Directions for this task: In the listing that follows, print every line exactly and leave the images out.
──────── Data ────────
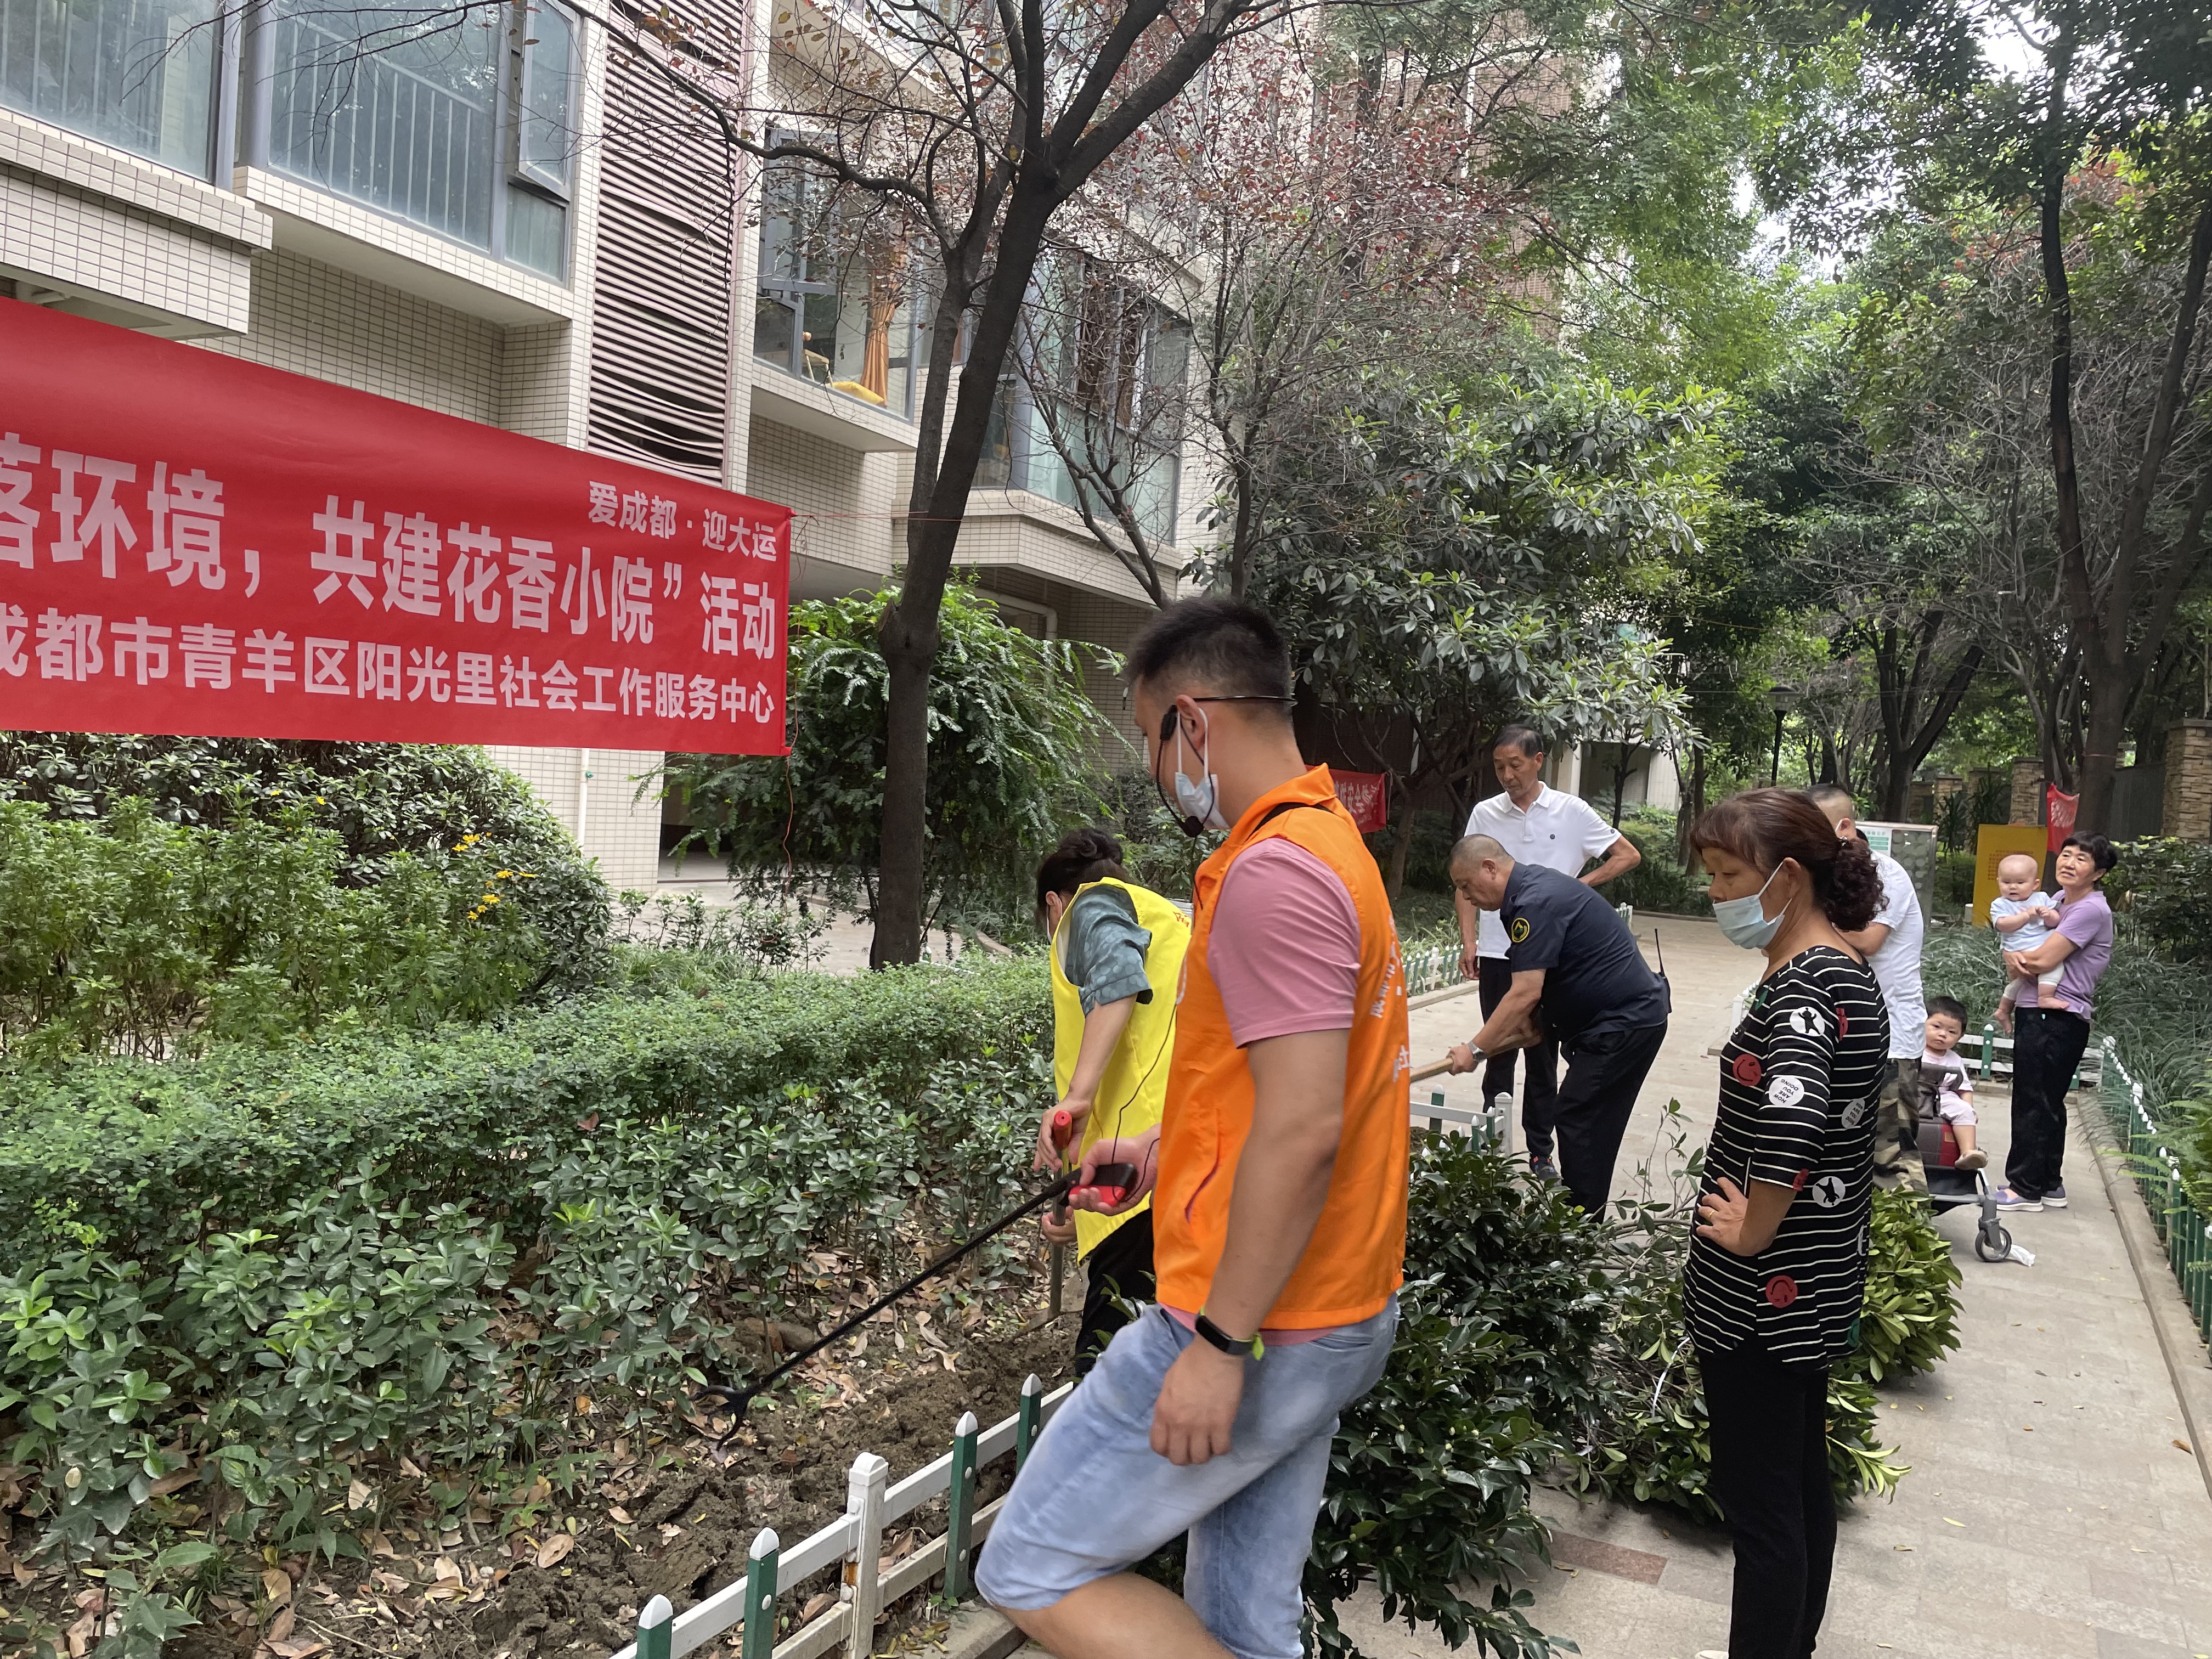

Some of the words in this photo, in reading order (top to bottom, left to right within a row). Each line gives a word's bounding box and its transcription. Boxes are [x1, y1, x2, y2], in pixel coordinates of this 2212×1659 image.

[589, 481, 777, 562] 爱成都·迎大运
[1781, 1079, 1799, 1091] DOING
[1779, 1090, 1791, 1098] ARE
[1782, 1087, 1794, 1095] YOU
[1774, 1094, 1787, 1103] HOW
────────
Solution to this exercise:
Some of the words in this photo, in reading order (top to bottom, left to right within a row). Each line gives a word's bounding box and its transcription. Boxes are [x1, y1, x2, y2], in pixel coordinates of this 2212×1659 image.

[589, 481, 777, 562] 爱成都·迎大运
[1781, 1079, 1799, 1091] DOING
[1779, 1090, 1791, 1098] ARE
[1782, 1087, 1794, 1095] YOU
[1774, 1094, 1787, 1103] HOW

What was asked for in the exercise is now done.